Please copy the records exactly as they appear, with all pictures left out.

Image-backed grounding data:
*** Block opens ***

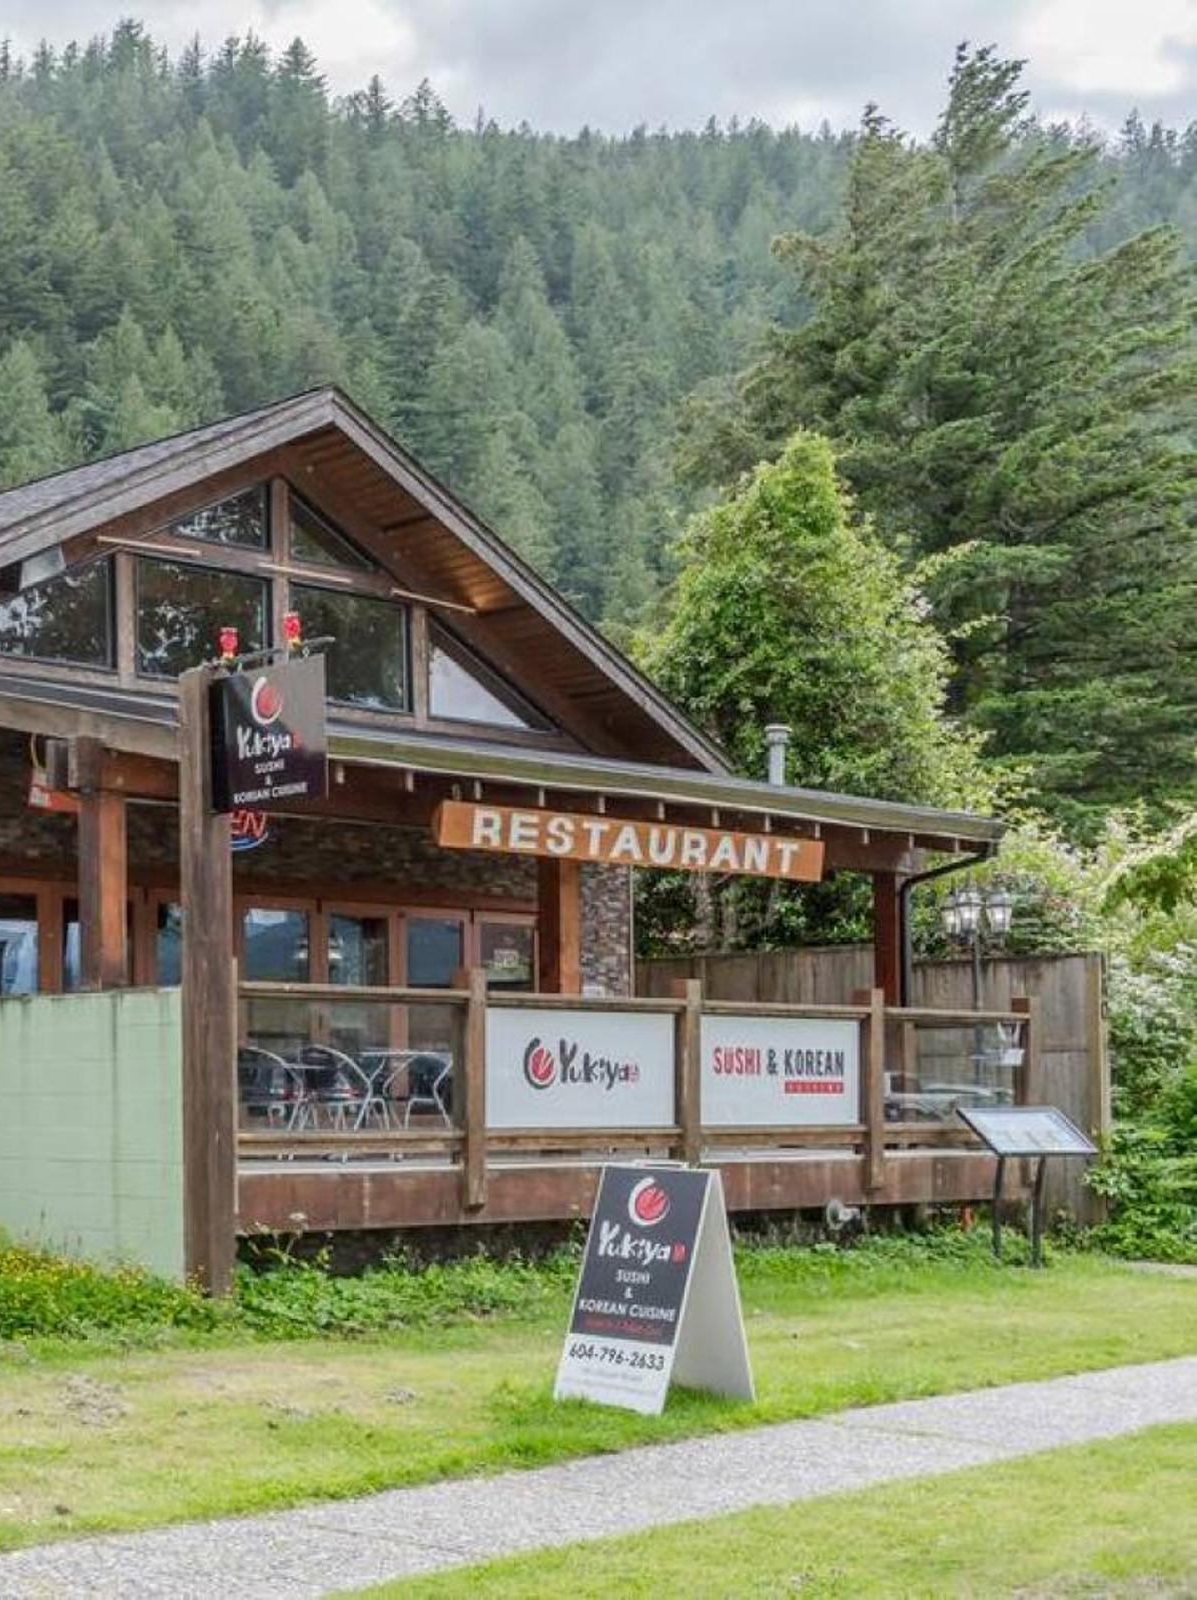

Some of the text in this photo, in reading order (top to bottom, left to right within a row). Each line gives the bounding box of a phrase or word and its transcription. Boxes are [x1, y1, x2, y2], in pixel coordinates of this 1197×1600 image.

[236, 726, 291, 760] Yukiya
[255, 760, 284, 773] SUSHI
[234, 783, 307, 803] KOREAN CUISINE
[265, 775, 272, 785] &
[471, 806, 802, 874] RESTAURANT
[559, 1038, 630, 1091] Yukiya
[712, 1046, 845, 1077] SUSHI & KOREAN
[598, 1220, 671, 1265] Yukiya
[615, 1269, 651, 1284] SUSHI
[623, 1286, 634, 1299] &
[578, 1299, 677, 1322] KOREAN CUISINE
[568, 1342, 666, 1372] 604-796-2633
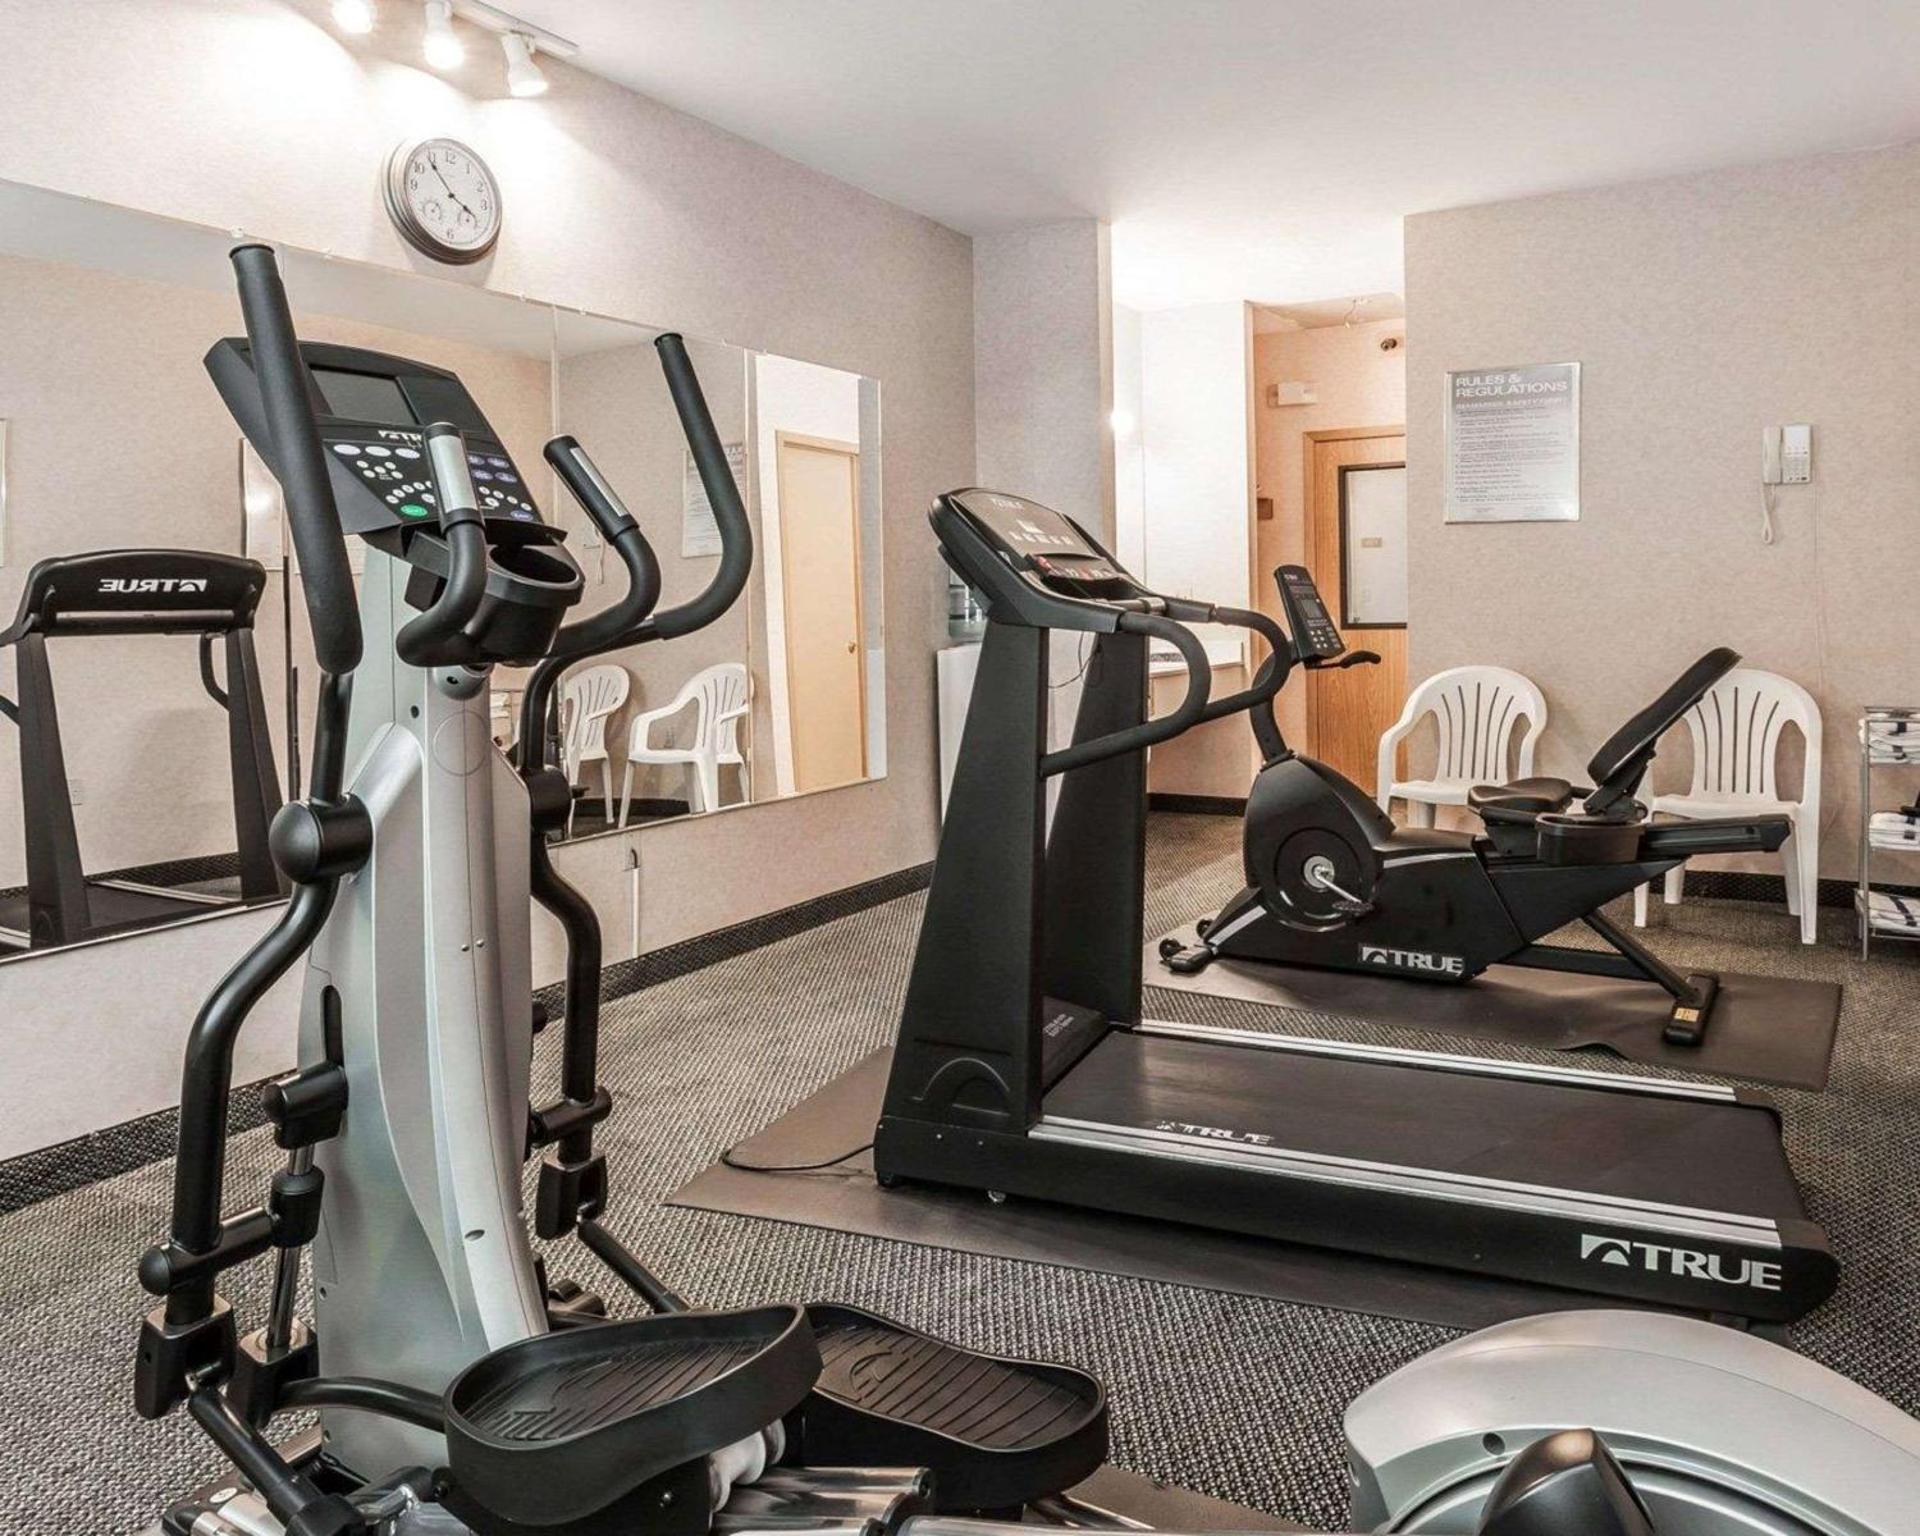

*** Block closes ***

▶ _Response box_
Some of the text in this photo, in reading order (top to bottom, left to right within a row). Each line gives the bounding box of a phrase or word and its transcription. Boxes are [x1, y1, x2, y2], in pixel coordinates of this 1197×1600 image.

[236, 726, 291, 760] Yukiya
[255, 760, 284, 773] SUSHI
[234, 783, 307, 803] KOREAN CUISINE
[265, 775, 272, 785] &
[471, 806, 802, 874] RESTAURANT
[559, 1038, 630, 1091] Yukiya
[712, 1046, 845, 1077] SUSHI & KOREAN
[598, 1220, 671, 1265] Yukiya
[615, 1269, 651, 1284] SUSHI
[623, 1286, 634, 1299] &
[578, 1299, 677, 1322] KOREAN CUISINE
[568, 1342, 666, 1372] 604-796-2633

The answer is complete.